College can be a time where students don’t have to worry about jobs for a few years, but eventually the day will come when they’ll have to hand out resumes like the rest of the world. With a seemingly bleak economic landscape, though, the prospect of landing a job can seem bleak.
1. Build a Network as Soon as Possible
Your network won’t consist of high-level executives in countries around the world, or at least, it won’t right away. Every successful person got to where they are today by starting off small and increasing the power of their network, and then building it until it reached peak efficiency.

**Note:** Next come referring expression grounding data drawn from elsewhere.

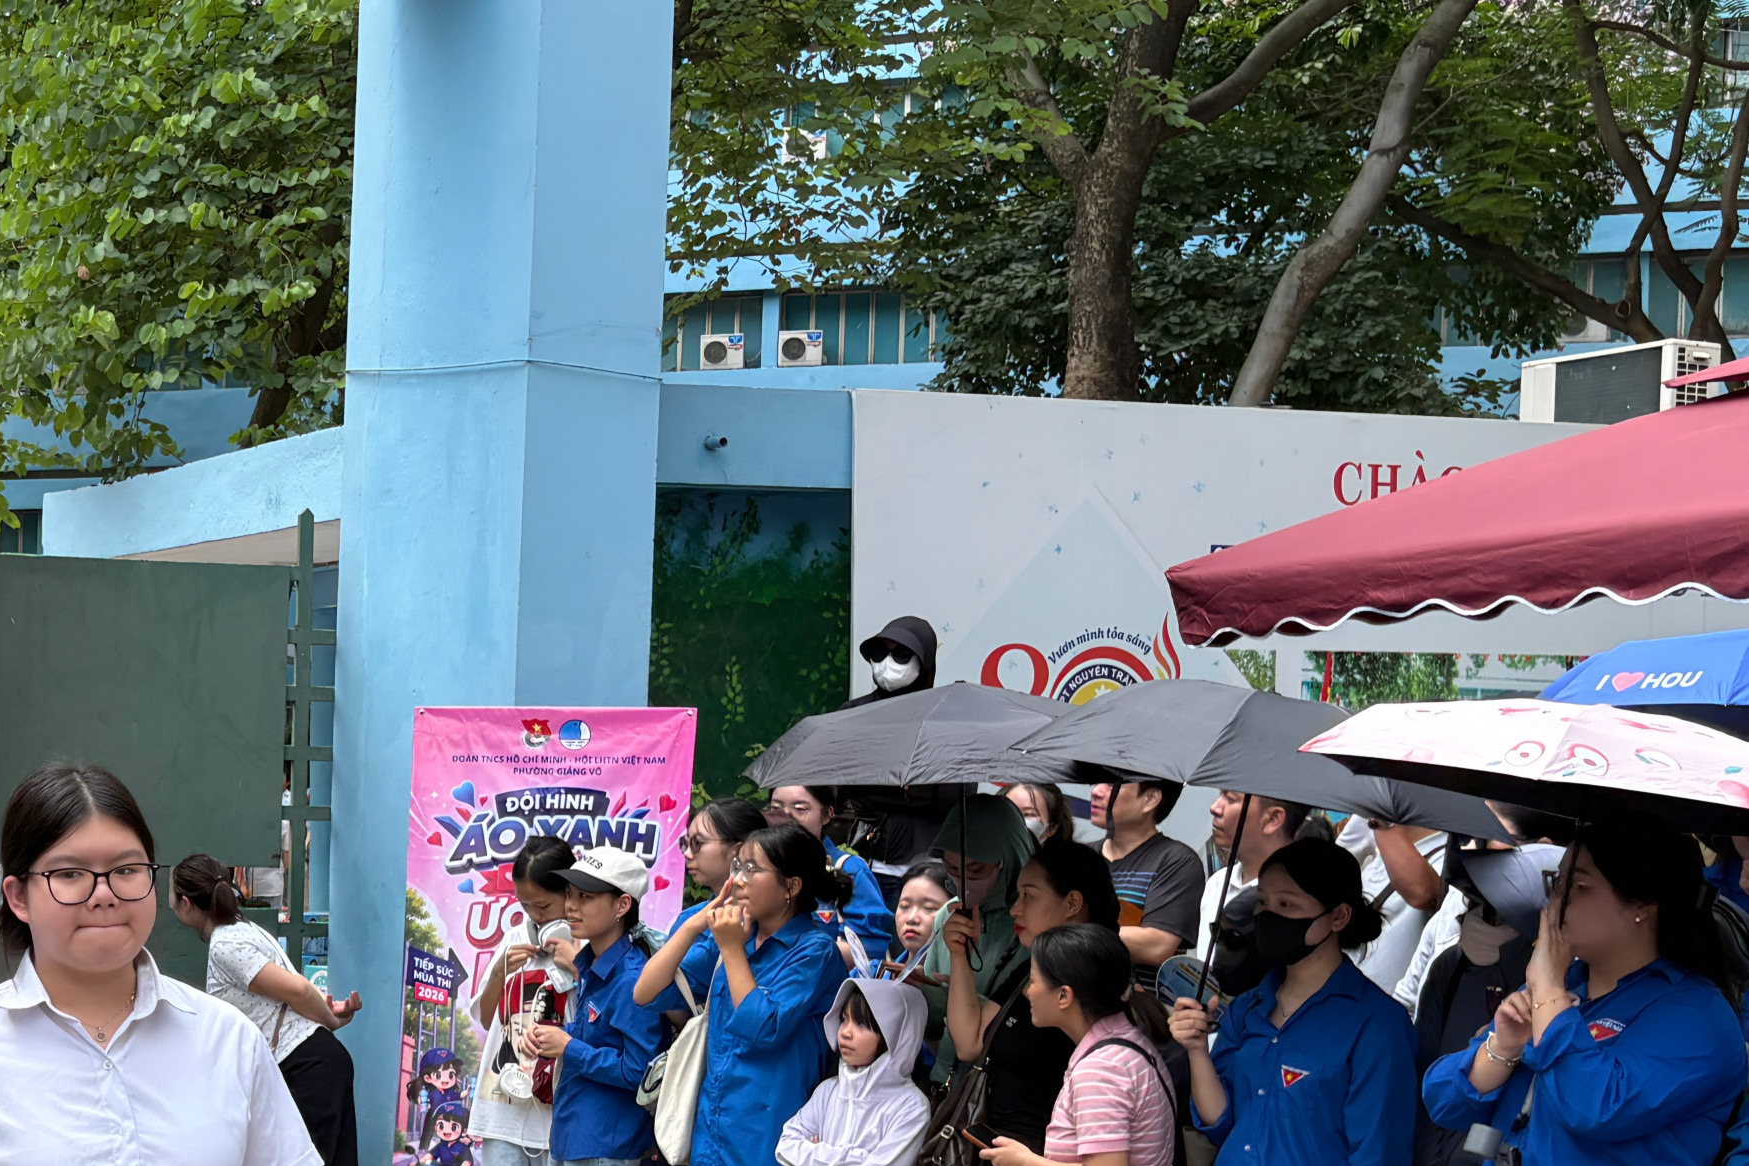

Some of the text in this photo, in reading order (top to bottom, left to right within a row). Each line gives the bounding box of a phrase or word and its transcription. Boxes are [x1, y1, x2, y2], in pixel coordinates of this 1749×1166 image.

[1333, 450, 1464, 505] CHÀ
[1076, 627, 1104, 645] mình
[1126, 633, 1151, 655] sáng
[1595, 670, 1704, 691] I HOU
[540, 755, 567, 764] MINH
[643, 756, 666, 764] NAM
[505, 791, 595, 816] ĐỘI HÌNH
[446, 811, 529, 868] ÁO
[413, 956, 454, 978] TIẾP SỨC
[413, 970, 452, 989] MÙA THI
[418, 986, 445, 1002] 2026

Apply the same concept to your own network by reaching out to family members, friends and professors. This means you’ll have to do a bit of legwork, but it’s a necessary and crucial step of the process. Whatever events or conferences that are related to your major, attend them and treat them as informal interviews where you’re constantly trying out for a job.
2. Don’t Give Off a “Hire Me” Vibe
This may seem counter-intuitive to the whole notion of trying to find a job, but the last thing employers want to see is someone desperate for work. Instead, what grabs their attention is a bright young mind eager to make a difference at their company.

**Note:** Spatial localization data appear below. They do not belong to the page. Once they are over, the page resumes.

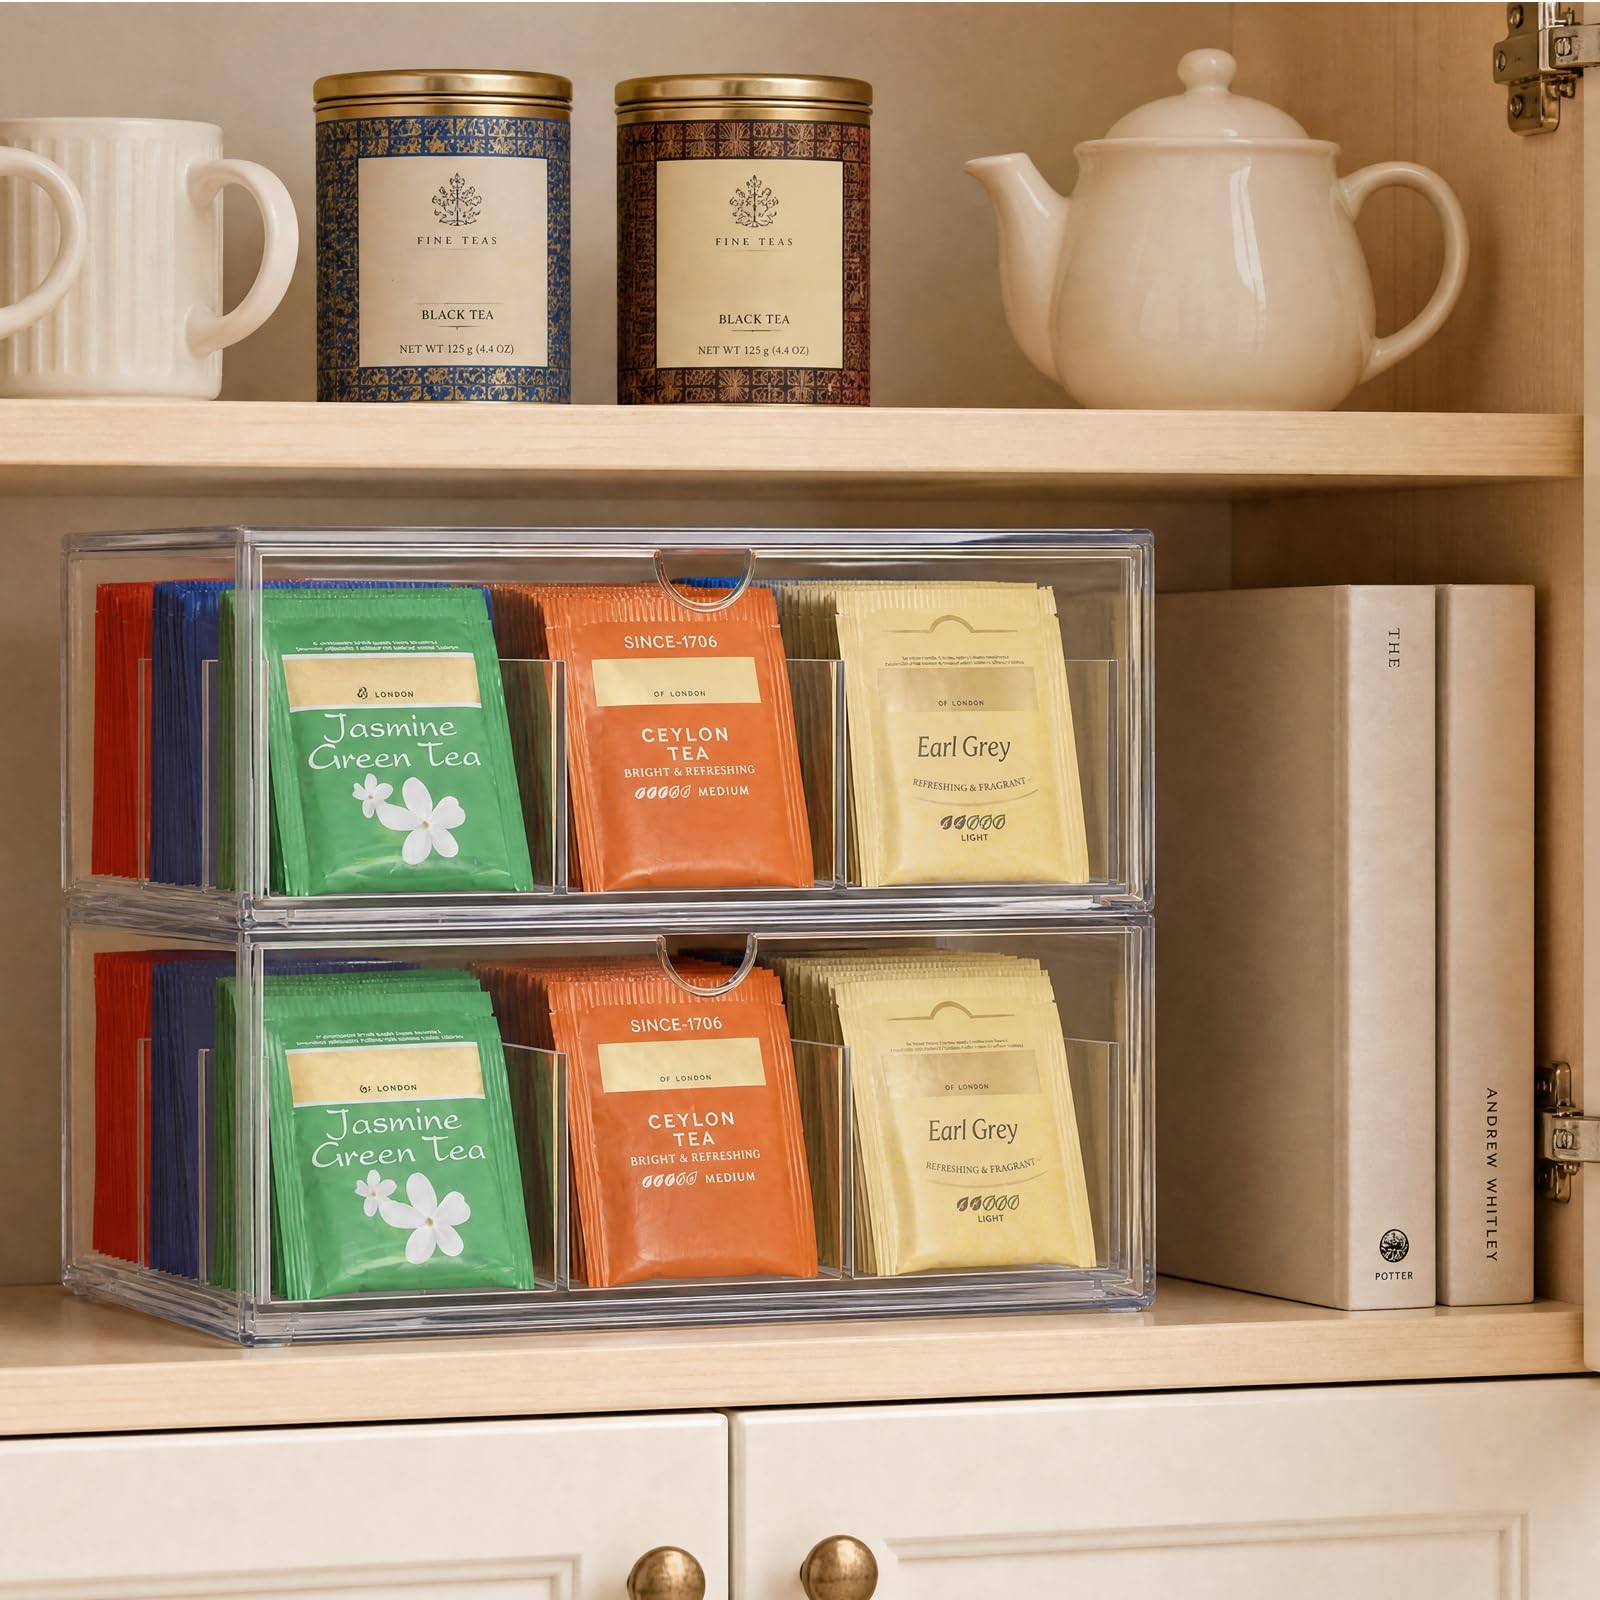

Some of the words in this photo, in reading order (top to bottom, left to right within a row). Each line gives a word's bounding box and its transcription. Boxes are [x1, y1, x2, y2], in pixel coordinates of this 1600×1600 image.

[417, 236, 452, 245] FINE
[462, 236, 497, 245] TEAS
[715, 238, 749, 246] FINE
[759, 238, 793, 246] TEAS
[422, 310, 465, 320] BLACK
[469, 310, 494, 320] TEA
[719, 314, 762, 324] BLACK
[766, 314, 790, 324] TEA
[400, 345, 422, 354] NET
[425, 345, 444, 353] WT
[448, 345, 465, 353] 125
[467, 346, 473, 356] g
[476, 344, 494, 355] (4.4
[496, 344, 514, 355] OZ)
[699, 347, 720, 355] NET
[723, 347, 740, 355] WT
[745, 347, 760, 355] 125
[763, 348, 769, 357] g
[772, 346, 789, 356] (4.4
[792, 346, 809, 356] OZ)
[624, 635, 718, 649] SINCE-1706
[1389, 628, 1400, 667] THE
[323, 713, 457, 744] Jasmine
[641, 727, 728, 743] CEYLON
[308, 743, 412, 770] Green
[417, 742, 481, 767] Tea
[667, 746, 709, 760] TEA
[918, 736, 957, 757] Earl
[963, 736, 1011, 762] Grey
[624, 768, 670, 778] BRIGHT
[674, 768, 682, 776] &
[686, 765, 755, 776] REFRESHING
[698, 786, 749, 796] MEDIUM
[913, 778, 968, 791] REFRESHING
[969, 784, 976, 792] &
[979, 777, 1026, 791] FRAGRANT
[631, 1017, 722, 1033] SINCE-1706
[377, 1084, 417, 1092] LONDON
[326, 1108, 462, 1141] Jasmine
[648, 1111, 735, 1129] CEYLON
[929, 1119, 967, 1141] Earl
[972, 1118, 1018, 1144] Grey
[1487, 1088, 1497, 1168] ANDREW
[673, 1132, 715, 1147] TEA
[311, 1141, 416, 1168] Green
[422, 1135, 486, 1161] Tea
[631, 1154, 676, 1167] BRIGHT
[679, 1154, 688, 1163] &
[692, 1149, 761, 1162] REFRESHING
[926, 1162, 979, 1174] REFRESHING
[990, 1158, 1036, 1173] FRAGRANT
[705, 1172, 756, 1184] MEDIUM
[1487, 1178, 1497, 1261] WHITLEY
[1375, 1272, 1413, 1280] POTTER

Play a little cool and hard to get when talking to prospective employers, but not so much you appear disinterested. The key is to find that middle-ground where your qualities and skills stand out, but not in a way that seems like you’re ready to hand them out to the first paying employer that walks by.

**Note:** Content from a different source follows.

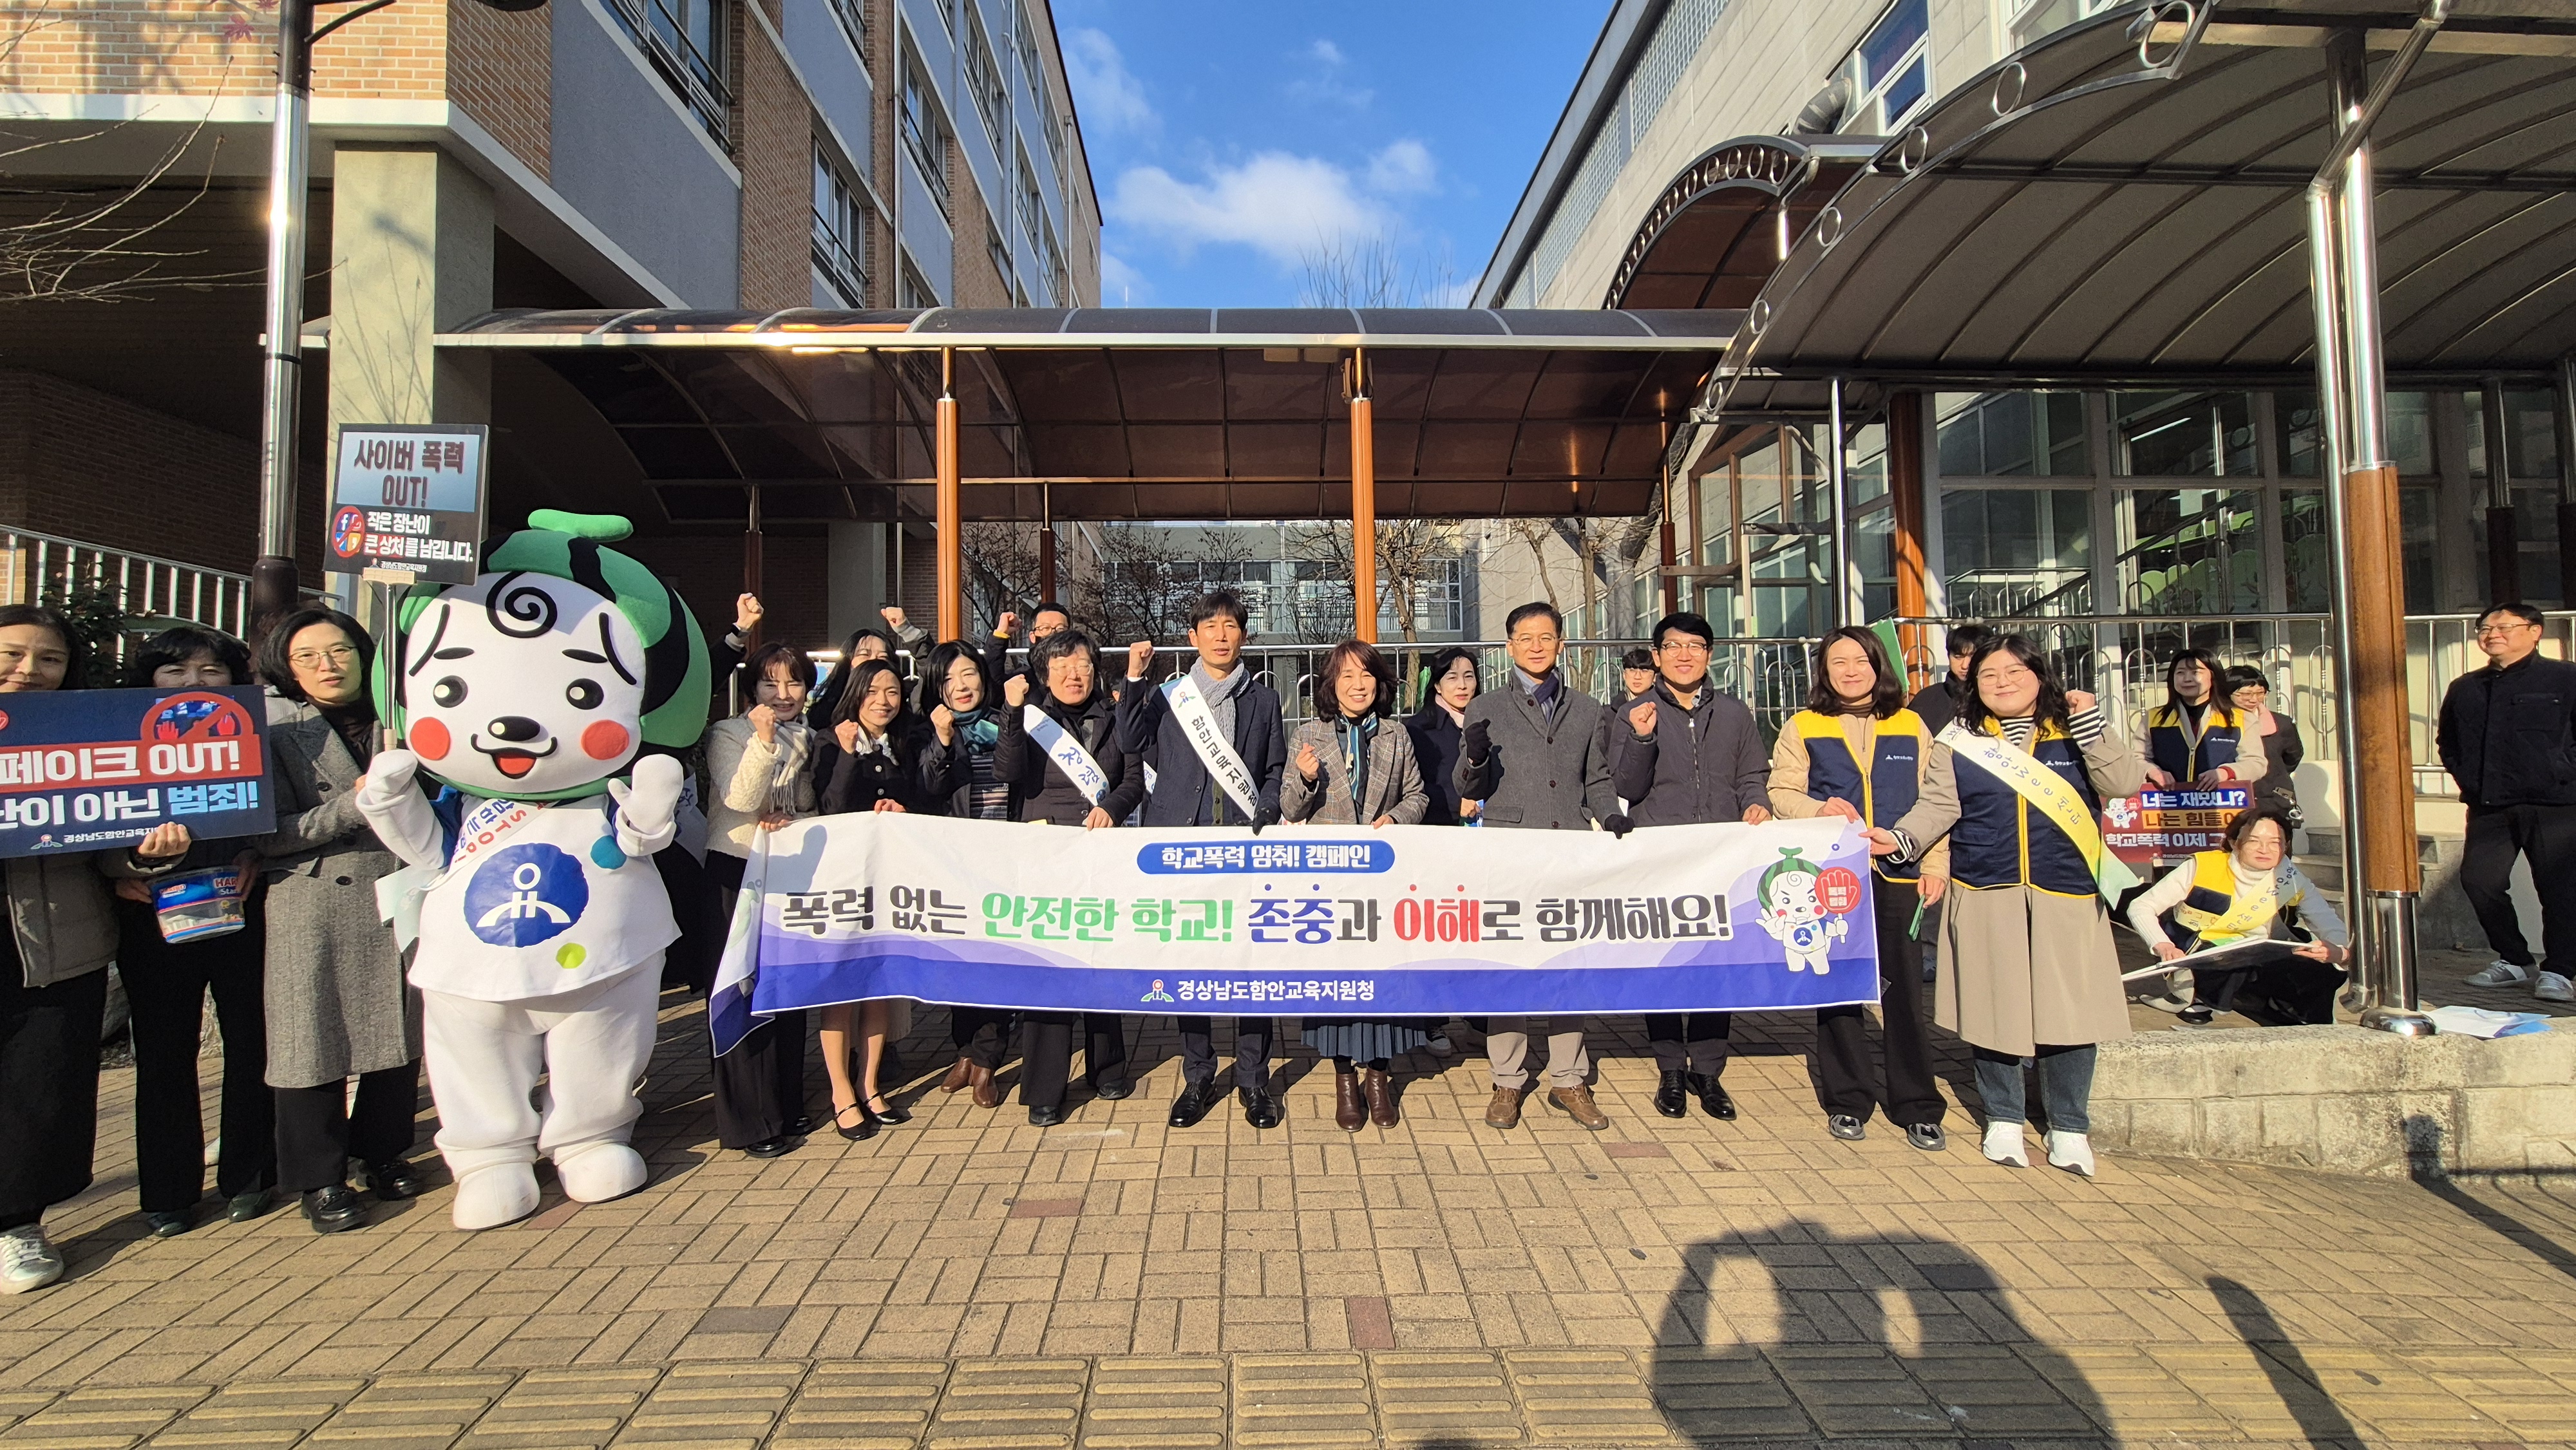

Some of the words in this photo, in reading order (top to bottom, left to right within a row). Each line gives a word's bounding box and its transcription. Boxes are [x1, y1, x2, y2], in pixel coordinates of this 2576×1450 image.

3. Draft a Competitive Resume
All the old rules about resumes, like keeping it to one page, have been refined and redesigned, so it’s time to have your resume reflect that, too. Target your resume as narrowly to your preferred industry as possible, and utilize internet-savvy practices, like well-placed keywords, as many resumes go through a scanner first.
What a competitive resume also means is knowing when to be conservative and when not to be. For example, graphic design grads are much more likely to need a resume whose medium reflects their major, while business grads should stick to white paper, clear font, and evenly-spaced margins.
4. Go Digitally Social
This is a tip that almost goes without saying, especially for graduates in 2014 who have grown up on computers. But because grads have grown up on computers, the line between using social media for fun and using social media for business is more blurred than for older generations.
Sites like LinkedIn have their benefits, but only if used correctly. The absolute wrong way to go about digital exposure is to slap something together, upload it, and expect everyone to immediately start fawning over you. It just doesn’t work like that. You need to make your presence known just as you did in lecture, such as posting comments in threads, having conversations with other users, and linking to relevant articles.
5. Get in the Game
All these tips are for naught if you don’t actually know the faces responsible for hiring you, so take the plunge and meet with people face-to-face. There’s only so much hiding behind a screen you can do before you have to reveal yourself, and it’s key to do it early on in the game.
Plus, as much as the world’s gone digital today, it hasn’t wholly crossed over because human contact is still vital. The “old-fashioned” way of pounding the pavement and actually talking to people hasn’t died out because it just plain works, and you’ll be the one left behind if you don’t use this method.
Being a new grad in the job market can be a little scary, but we’ve all been there before and gotten through alive.